> [Aim of the exercise]
Can you retype only the lines from the one with "this 2560×1440 image." through the final line of the material, exactly as given?

> [Materials provided]
- - -
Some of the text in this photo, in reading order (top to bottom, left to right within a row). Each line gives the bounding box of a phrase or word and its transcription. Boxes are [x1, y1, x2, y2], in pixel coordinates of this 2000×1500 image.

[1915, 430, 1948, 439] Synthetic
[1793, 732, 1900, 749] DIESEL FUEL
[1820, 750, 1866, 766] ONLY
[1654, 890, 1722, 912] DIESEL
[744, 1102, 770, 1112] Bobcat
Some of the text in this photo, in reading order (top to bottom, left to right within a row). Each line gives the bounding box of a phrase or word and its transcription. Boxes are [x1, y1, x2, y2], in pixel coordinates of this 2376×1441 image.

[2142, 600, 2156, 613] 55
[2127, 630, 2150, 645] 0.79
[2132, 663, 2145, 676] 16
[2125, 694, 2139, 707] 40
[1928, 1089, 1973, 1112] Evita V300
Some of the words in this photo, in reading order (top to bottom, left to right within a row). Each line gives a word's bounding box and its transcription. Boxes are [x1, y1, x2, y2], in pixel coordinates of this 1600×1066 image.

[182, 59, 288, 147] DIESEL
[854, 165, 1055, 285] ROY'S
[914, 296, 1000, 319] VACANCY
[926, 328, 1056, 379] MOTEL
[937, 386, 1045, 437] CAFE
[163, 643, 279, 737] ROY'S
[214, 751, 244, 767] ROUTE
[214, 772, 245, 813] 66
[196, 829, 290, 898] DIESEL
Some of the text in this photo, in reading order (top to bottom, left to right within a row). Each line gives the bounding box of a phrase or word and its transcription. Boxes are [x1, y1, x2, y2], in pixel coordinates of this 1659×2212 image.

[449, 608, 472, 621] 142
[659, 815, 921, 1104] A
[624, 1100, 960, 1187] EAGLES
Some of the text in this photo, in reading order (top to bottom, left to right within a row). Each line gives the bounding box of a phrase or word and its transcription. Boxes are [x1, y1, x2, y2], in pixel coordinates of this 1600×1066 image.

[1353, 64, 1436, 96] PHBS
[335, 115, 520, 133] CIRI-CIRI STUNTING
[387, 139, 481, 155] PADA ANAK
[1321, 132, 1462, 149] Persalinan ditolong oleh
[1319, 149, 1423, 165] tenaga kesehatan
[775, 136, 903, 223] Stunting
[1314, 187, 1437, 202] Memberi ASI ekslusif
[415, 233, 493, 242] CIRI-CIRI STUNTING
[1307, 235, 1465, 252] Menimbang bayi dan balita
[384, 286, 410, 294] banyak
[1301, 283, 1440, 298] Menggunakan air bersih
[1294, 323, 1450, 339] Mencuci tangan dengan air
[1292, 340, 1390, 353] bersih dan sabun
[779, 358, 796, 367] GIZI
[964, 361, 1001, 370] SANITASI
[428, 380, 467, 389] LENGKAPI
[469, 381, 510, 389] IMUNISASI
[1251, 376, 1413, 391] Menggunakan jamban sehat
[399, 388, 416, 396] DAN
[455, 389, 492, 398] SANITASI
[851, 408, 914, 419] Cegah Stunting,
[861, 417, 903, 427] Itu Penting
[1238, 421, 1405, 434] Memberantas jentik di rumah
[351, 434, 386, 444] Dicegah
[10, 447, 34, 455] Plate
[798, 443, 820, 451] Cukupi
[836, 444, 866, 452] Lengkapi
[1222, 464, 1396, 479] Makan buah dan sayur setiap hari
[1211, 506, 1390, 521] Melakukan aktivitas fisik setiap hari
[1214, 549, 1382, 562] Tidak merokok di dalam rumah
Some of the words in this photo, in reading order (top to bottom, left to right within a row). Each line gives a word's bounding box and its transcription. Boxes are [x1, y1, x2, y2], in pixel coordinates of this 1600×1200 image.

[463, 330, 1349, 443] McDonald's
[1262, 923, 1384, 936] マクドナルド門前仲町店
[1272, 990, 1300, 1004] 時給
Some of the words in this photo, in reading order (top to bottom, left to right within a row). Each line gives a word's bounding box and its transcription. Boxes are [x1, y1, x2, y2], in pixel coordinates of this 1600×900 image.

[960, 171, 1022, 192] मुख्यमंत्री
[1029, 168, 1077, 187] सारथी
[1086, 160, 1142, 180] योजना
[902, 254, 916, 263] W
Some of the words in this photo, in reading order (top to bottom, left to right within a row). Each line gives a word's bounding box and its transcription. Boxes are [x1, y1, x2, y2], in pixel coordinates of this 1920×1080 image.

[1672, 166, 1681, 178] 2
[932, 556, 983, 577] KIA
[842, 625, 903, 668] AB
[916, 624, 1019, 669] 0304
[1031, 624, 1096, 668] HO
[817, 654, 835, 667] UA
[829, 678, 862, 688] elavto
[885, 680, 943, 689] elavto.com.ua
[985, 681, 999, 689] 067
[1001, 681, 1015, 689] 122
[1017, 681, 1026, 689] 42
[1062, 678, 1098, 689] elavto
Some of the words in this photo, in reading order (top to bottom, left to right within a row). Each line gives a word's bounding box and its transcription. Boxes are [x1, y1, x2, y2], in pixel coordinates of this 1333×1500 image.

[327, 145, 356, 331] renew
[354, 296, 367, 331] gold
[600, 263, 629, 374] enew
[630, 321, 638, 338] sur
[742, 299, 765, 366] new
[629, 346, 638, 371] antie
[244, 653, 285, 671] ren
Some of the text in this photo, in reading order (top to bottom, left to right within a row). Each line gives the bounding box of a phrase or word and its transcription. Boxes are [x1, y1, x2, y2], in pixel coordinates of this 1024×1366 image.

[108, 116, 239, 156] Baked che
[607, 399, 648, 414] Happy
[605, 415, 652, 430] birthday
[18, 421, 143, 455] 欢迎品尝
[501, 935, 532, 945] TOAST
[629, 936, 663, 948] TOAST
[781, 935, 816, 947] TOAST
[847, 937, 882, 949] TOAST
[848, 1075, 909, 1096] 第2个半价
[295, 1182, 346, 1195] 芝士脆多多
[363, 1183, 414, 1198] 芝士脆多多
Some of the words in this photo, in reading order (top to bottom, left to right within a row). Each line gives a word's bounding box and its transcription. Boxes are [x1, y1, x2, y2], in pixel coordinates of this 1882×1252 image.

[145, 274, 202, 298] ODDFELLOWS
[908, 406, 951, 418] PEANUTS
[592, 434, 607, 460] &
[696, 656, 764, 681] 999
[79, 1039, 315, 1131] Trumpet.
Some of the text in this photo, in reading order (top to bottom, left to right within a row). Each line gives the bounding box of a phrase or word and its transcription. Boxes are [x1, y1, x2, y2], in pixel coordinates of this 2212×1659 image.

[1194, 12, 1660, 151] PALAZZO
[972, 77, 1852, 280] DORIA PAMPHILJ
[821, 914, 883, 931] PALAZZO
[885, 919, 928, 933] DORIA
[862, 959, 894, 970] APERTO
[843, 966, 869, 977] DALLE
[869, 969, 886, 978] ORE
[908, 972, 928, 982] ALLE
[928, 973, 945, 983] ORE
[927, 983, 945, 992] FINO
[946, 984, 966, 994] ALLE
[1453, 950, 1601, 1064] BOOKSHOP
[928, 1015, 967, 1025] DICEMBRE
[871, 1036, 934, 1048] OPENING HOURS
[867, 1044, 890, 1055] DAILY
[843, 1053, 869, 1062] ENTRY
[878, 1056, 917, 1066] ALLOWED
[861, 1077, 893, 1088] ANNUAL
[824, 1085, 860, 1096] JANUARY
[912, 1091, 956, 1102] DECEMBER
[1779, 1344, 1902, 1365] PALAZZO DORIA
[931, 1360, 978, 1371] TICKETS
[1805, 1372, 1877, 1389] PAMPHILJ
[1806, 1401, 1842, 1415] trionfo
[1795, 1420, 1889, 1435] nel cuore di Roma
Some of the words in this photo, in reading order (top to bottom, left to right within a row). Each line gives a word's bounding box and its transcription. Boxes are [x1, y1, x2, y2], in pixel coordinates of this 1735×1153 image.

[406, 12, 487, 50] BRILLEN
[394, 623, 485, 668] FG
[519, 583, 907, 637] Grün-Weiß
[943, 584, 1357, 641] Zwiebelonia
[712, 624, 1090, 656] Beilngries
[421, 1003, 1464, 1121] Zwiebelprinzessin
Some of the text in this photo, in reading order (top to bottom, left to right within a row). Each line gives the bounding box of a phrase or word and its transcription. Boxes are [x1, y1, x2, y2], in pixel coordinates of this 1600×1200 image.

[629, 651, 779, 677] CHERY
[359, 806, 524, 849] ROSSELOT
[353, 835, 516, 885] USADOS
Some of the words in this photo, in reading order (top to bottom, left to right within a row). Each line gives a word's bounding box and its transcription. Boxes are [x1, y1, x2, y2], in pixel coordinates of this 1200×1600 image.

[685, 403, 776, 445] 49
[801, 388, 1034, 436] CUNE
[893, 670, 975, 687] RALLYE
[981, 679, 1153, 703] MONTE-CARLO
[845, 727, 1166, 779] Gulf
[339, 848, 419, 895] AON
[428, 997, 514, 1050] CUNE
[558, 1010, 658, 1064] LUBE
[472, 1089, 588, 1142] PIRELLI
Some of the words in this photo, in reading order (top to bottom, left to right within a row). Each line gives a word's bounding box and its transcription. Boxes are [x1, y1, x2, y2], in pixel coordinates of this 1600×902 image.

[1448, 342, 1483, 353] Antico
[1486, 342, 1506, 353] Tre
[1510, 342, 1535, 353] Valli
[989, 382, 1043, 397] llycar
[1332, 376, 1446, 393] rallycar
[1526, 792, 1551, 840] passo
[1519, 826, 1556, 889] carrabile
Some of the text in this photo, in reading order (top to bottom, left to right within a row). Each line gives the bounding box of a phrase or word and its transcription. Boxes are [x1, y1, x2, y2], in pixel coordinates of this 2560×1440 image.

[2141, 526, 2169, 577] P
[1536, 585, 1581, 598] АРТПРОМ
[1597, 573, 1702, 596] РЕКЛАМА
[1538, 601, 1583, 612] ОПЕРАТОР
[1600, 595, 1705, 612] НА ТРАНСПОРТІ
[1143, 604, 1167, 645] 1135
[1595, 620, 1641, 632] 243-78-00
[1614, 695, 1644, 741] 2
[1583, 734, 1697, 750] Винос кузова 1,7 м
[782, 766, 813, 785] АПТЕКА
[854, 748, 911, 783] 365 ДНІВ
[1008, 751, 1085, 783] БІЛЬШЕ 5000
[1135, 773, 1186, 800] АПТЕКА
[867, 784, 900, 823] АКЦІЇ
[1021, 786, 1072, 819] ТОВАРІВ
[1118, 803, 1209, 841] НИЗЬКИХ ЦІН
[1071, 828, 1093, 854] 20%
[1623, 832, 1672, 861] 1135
- - -
> [Problem solution]
Some of the text in this photo, in reading order (top to bottom, left to right within a row). Each line gives the bounding box of a phrase or word and its transcription. Boxes are [x1, y1, x2, y2], in pixel coordinates of this 2560×1440 image.

[2141, 526, 2169, 577] P
[1536, 585, 1581, 598] АРТПРОМ
[1597, 573, 1702, 596] РЕКЛАМА
[1538, 601, 1583, 612] ОПЕРАТОР
[1600, 595, 1705, 612] НА ТРАНСПОРТІ
[1143, 604, 1167, 645] 1135
[1595, 620, 1641, 632] 243-78-00
[1614, 695, 1644, 741] 2
[1583, 734, 1697, 750] Винос кузова 1,7 м
[782, 766, 813, 785] АПТЕКА
[854, 748, 911, 783] 365 ДНІВ
[1008, 751, 1085, 783] БІЛЬШЕ 5000
[1135, 773, 1186, 800] АПТЕКА
[867, 784, 900, 823] АКЦІЇ
[1021, 786, 1072, 819] ТОВАРІВ
[1118, 803, 1209, 841] НИЗЬКИХ ЦІН
[1071, 828, 1093, 854] 20%
[1623, 832, 1672, 861] 1135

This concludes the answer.